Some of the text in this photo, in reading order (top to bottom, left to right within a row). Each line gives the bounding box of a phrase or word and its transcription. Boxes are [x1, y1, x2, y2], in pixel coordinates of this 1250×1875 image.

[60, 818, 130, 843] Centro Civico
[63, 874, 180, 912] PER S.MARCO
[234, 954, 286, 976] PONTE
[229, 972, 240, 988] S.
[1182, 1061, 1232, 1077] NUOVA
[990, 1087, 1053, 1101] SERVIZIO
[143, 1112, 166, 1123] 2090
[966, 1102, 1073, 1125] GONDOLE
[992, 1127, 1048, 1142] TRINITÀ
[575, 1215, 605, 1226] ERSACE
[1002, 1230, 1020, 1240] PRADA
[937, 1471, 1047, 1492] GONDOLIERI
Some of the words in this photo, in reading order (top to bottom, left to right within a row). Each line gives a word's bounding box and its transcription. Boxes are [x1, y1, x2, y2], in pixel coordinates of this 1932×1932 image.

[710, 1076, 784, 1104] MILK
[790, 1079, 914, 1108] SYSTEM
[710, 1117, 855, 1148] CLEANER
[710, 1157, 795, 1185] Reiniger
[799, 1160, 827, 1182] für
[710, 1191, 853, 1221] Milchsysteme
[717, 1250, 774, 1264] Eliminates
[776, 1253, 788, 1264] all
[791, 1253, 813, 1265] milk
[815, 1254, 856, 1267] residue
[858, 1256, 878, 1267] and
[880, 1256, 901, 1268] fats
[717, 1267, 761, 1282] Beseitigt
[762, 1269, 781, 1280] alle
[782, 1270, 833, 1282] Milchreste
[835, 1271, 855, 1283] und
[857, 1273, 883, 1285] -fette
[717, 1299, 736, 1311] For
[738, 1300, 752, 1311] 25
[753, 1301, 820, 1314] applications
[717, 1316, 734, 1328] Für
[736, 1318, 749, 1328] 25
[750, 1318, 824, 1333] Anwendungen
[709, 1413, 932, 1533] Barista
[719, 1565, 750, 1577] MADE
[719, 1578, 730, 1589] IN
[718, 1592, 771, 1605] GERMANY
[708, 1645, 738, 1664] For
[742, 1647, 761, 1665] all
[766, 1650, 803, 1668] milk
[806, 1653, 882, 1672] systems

* * * * * * * * *

**ABOUT THIS EXERCISE:** Transcribe every entry verbatim.

**EXERCISE OUTPUT:**
Some of the text in this photo, in reading order (top to bottom, left to right within a row). Each line gives the bounding box of a phrase or word and its transcription. Boxes are [x1, y1, x2, y2], in pixel coordinates of this 1250×1875 image.

[60, 818, 130, 843] Centro Civico
[63, 874, 180, 912] PER S.MARCO
[234, 954, 286, 976] PONTE
[229, 972, 240, 988] S.
[1182, 1061, 1232, 1077] NUOVA
[990, 1087, 1053, 1101] SERVIZIO
[143, 1112, 166, 1123] 2090
[966, 1102, 1073, 1125] GONDOLE
[992, 1127, 1048, 1142] TRINITÀ
[575, 1215, 605, 1226] ERSACE
[1002, 1230, 1020, 1240] PRADA
[937, 1471, 1047, 1492] GONDOLIERI
Some of the words in this photo, in reading order (top to bottom, left to right within a row). Each line gives a word's bounding box and its transcription. Boxes are [x1, y1, x2, y2], in pixel coordinates of this 1932×1932 image.

[710, 1076, 784, 1104] MILK
[790, 1079, 914, 1108] SYSTEM
[710, 1117, 855, 1148] CLEANER
[710, 1157, 795, 1185] Reiniger
[799, 1160, 827, 1182] für
[710, 1191, 853, 1221] Milchsysteme
[717, 1250, 774, 1264] Eliminates
[776, 1253, 788, 1264] all
[791, 1253, 813, 1265] milk
[815, 1254, 856, 1267] residue
[858, 1256, 878, 1267] and
[880, 1256, 901, 1268] fats
[717, 1267, 761, 1282] Beseitigt
[762, 1269, 781, 1280] alle
[782, 1270, 833, 1282] Milchreste
[835, 1271, 855, 1283] und
[857, 1273, 883, 1285] -fette
[717, 1299, 736, 1311] For
[738, 1300, 752, 1311] 25
[753, 1301, 820, 1314] applications
[717, 1316, 734, 1328] Für
[736, 1318, 749, 1328] 25
[750, 1318, 824, 1333] Anwendungen
[709, 1413, 932, 1533] Barista
[719, 1565, 750, 1577] MADE
[719, 1578, 730, 1589] IN
[718, 1592, 771, 1605] GERMANY
[708, 1645, 738, 1664] For
[742, 1647, 761, 1665] all
[766, 1650, 803, 1668] milk
[806, 1653, 882, 1672] systems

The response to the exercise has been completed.